I\'m trying to create a data structure that holds all the possible substring combinations that add up to the original string. For example, if the string is \"java\"
It seems like this is the problem of finding the compositions of the length of the string, and using those compositions to make substrings. So there are 2^n-1 compositions of a number n, which could make it a bit time-consuming for long strings...
Here's one approach:
static List<List<String>> substrings(String input) {
// Base case: There's only one way to split up a single character
// string, and that is ["x"] where x is the character.
if (input.length() == 1)
return Collections.singletonList(Collections.singletonList(input));
// To hold the result
List<List<String>> result = new ArrayList<>();
// Recurse (since you tagged the question with recursion ;)

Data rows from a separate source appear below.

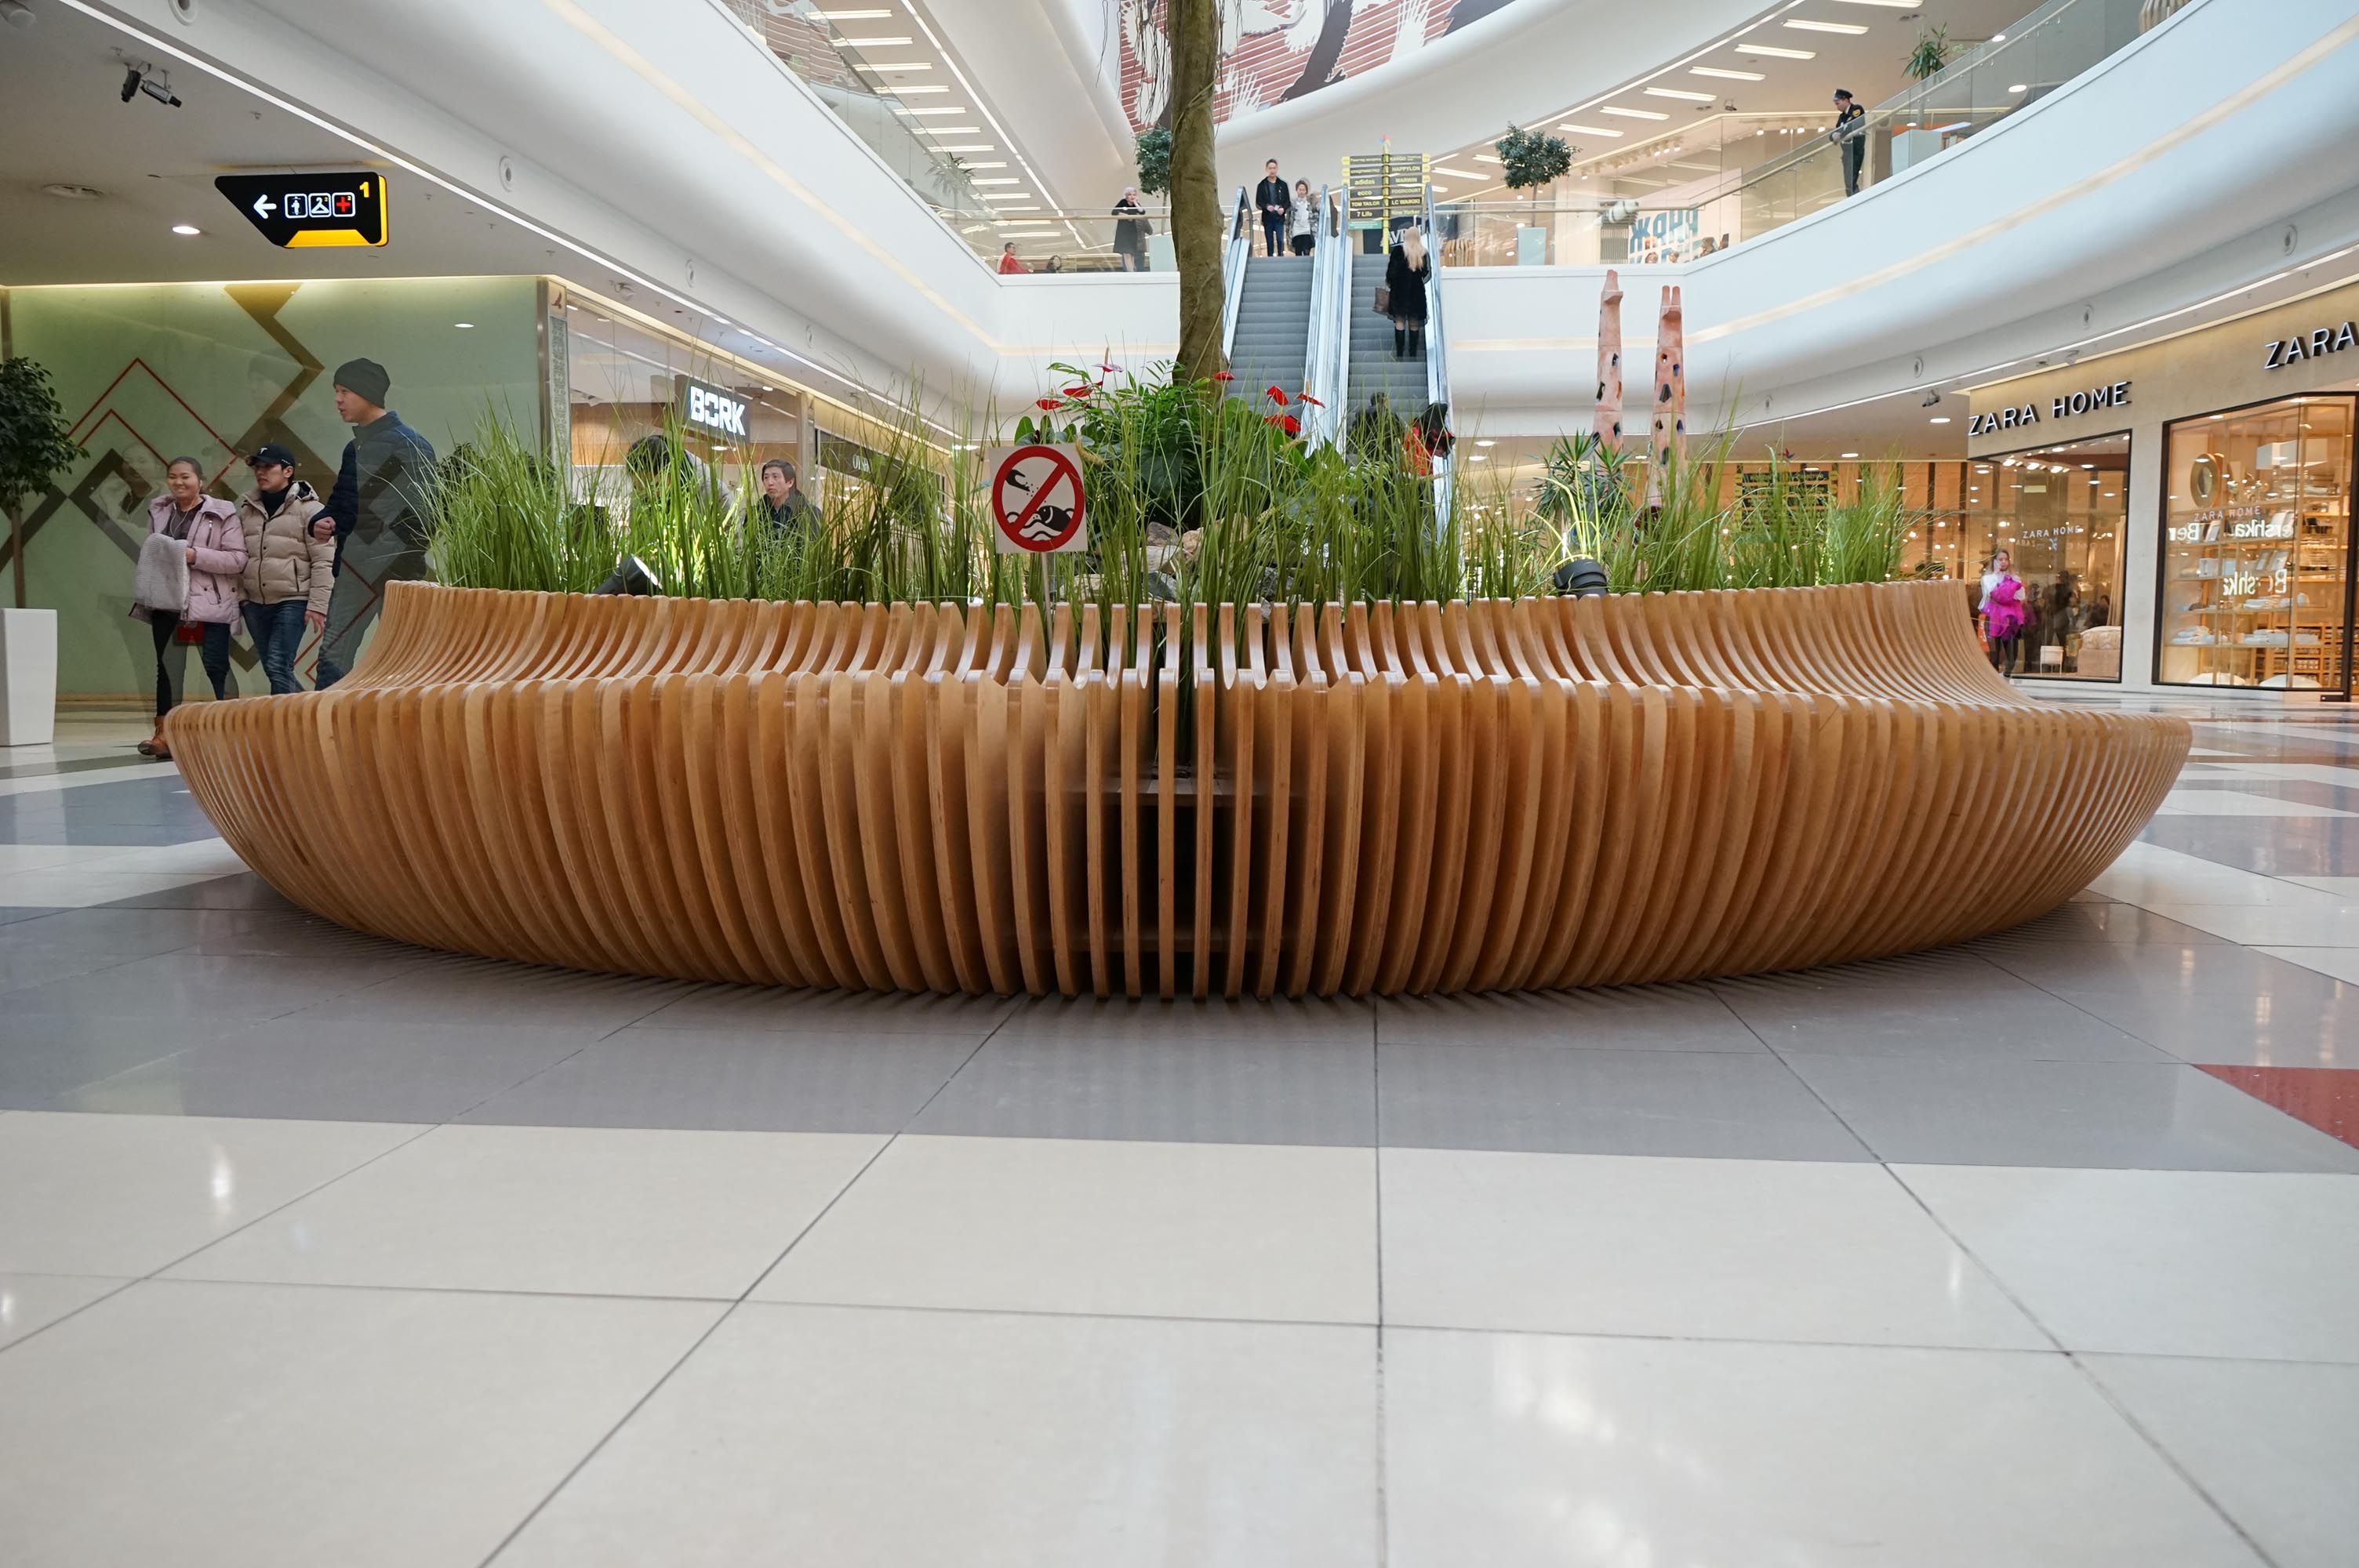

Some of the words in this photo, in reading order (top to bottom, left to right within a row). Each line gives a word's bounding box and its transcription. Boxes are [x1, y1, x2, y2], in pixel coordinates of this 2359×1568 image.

[359, 181, 369, 198] 1
[2264, 321, 2358, 369] ZARA
[690, 386, 746, 436] BORK
[1968, 403, 2039, 436] ZARA
[2052, 381, 2132, 419] HOME
[2194, 510, 2223, 522] ZARA
[2229, 505, 2261, 518] HOME
[2023, 529, 2050, 539] ZARA
[2053, 524, 2081, 536] HOME
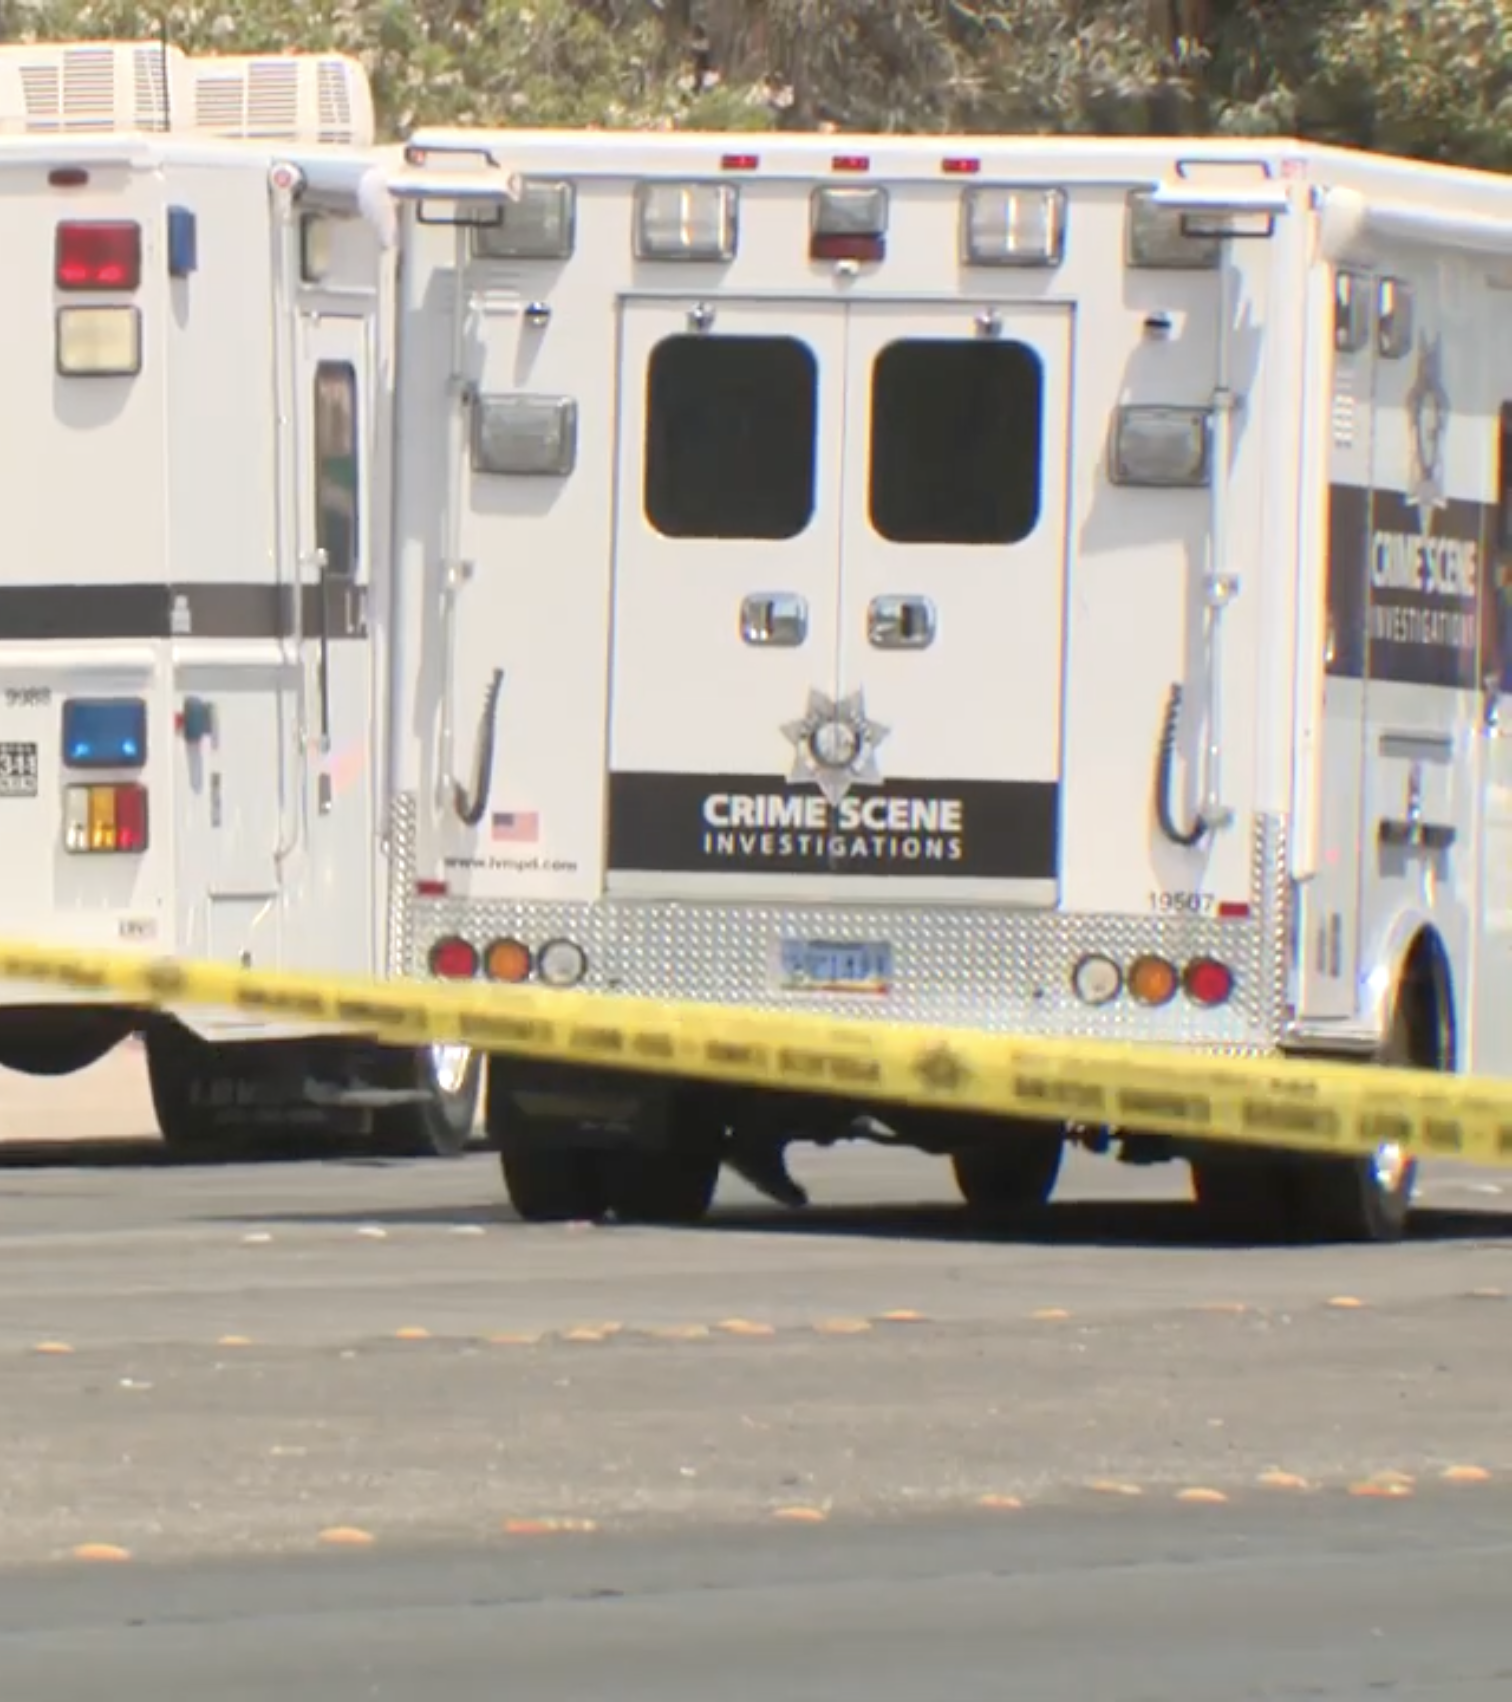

for (List<String> subresult : substrings(input.substring(1))) {
// Case: Don't split
List<String> l2 = new ArrayList<>(subresult);
l2.set(0, input.charAt(0) + l2.get(0));
result.add(l2);
// Case: Split
List<String> l = new ArrayList<>(subresult);
l.add(0, input.substring(0, 1));
result.add(l);
}
return result;
}
Output:
[java]
[j, ava]
[ja, va]
[j, a, va]
[jav, a]
[j, av, a]
[ja, v, a]
[j, a, v, a]
A different recursive solution that just adds to the list results
static List<List<String>> substrings(String input) {
List<List<String>> result = new ArrayList<>();
if (input.length() == 1) {
result.add(Arrays.asList(new String[]{input}));
}
else {
//iterate j, ja, jav, jav
for (int i = 0; i < input.length()-1; i++ ) {
String root = input.substring(0,i+1);
String leaf = input.substring(i+1);
for( List<String> strings: substrings(leaf) ) {
ArrayList<String> current = new ArrayList<String>();
current.add(root);
current.addAll(strings);
result.add(current);
}
}
//adds the whole string as one of the leaves (ie. java, ava, va, a)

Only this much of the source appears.